#### Aim of the task:
Transcribe the entries below without alteration.

--- START ---

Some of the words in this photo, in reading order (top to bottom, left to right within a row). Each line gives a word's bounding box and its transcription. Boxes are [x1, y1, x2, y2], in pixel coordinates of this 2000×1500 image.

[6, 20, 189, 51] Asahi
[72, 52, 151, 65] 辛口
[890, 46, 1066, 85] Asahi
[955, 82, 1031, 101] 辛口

--- END ---

#### Exercise response:
Some of the words in this photo, in reading order (top to bottom, left to right within a row). Each line gives a word's bounding box and its transcription. Boxes are [x1, y1, x2, y2], in pixel coordinates of this 2000×1500 image.

[6, 20, 189, 51] Asahi
[72, 52, 151, 65] 辛口
[890, 46, 1066, 85] Asahi
[955, 82, 1031, 101] 辛口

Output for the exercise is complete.